[Annotated photo localization data]
────────────────

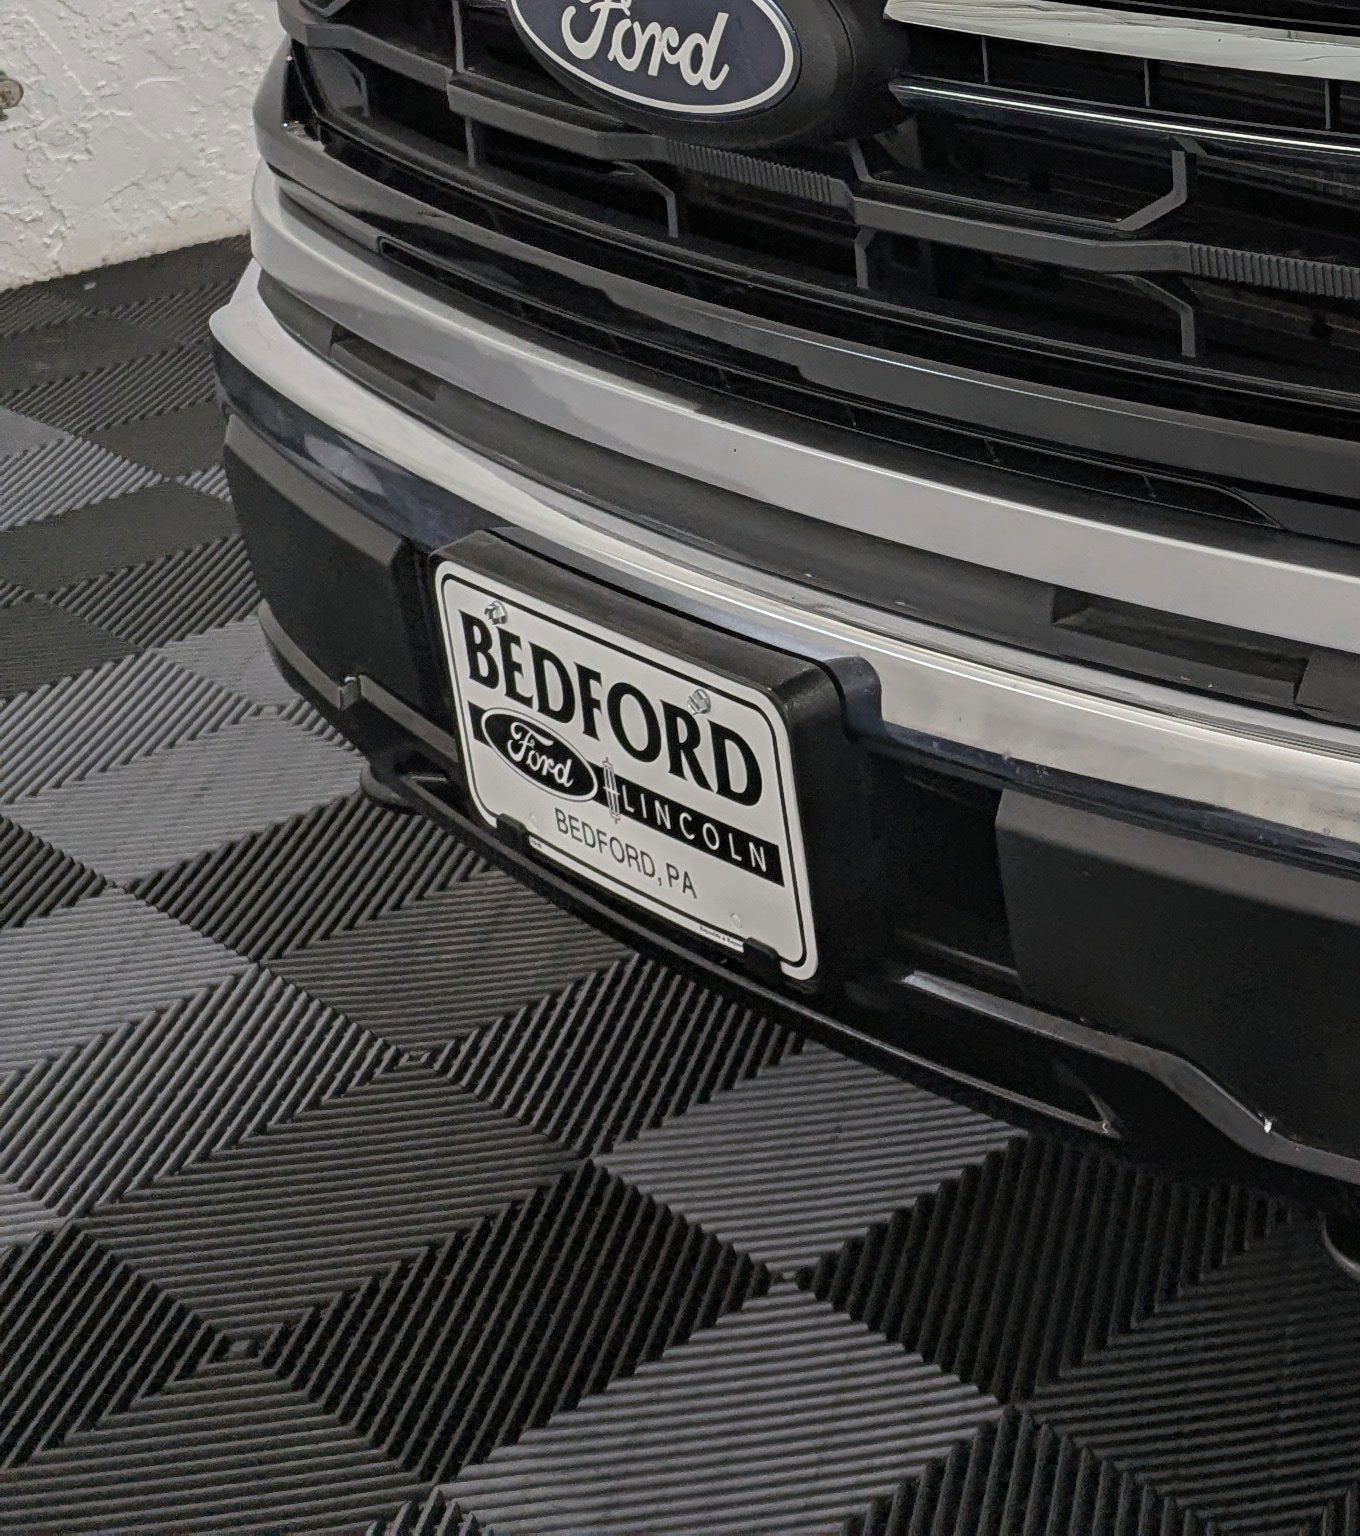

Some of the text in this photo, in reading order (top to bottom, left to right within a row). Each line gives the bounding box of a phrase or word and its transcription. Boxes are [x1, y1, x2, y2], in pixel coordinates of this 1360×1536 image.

[457, 609, 763, 807] BEDFORD
[506, 720, 574, 790] Ford
[555, 807, 698, 900] BEDFORD, PA
[624, 786, 767, 872] LINCOLN

────────────────

Once the pictures are removed, output the entries above exactly as given.

Some of the text in this photo, in reading order (top to bottom, left to right within a row). Each line gives the bounding box of a phrase or word and its transcription. Boxes are [x1, y1, x2, y2], in pixel coordinates of this 1360×1536 image.

[457, 609, 763, 807] BEDFORD
[506, 720, 574, 790] Ford
[555, 807, 698, 900] BEDFORD, PA
[624, 786, 767, 872] LINCOLN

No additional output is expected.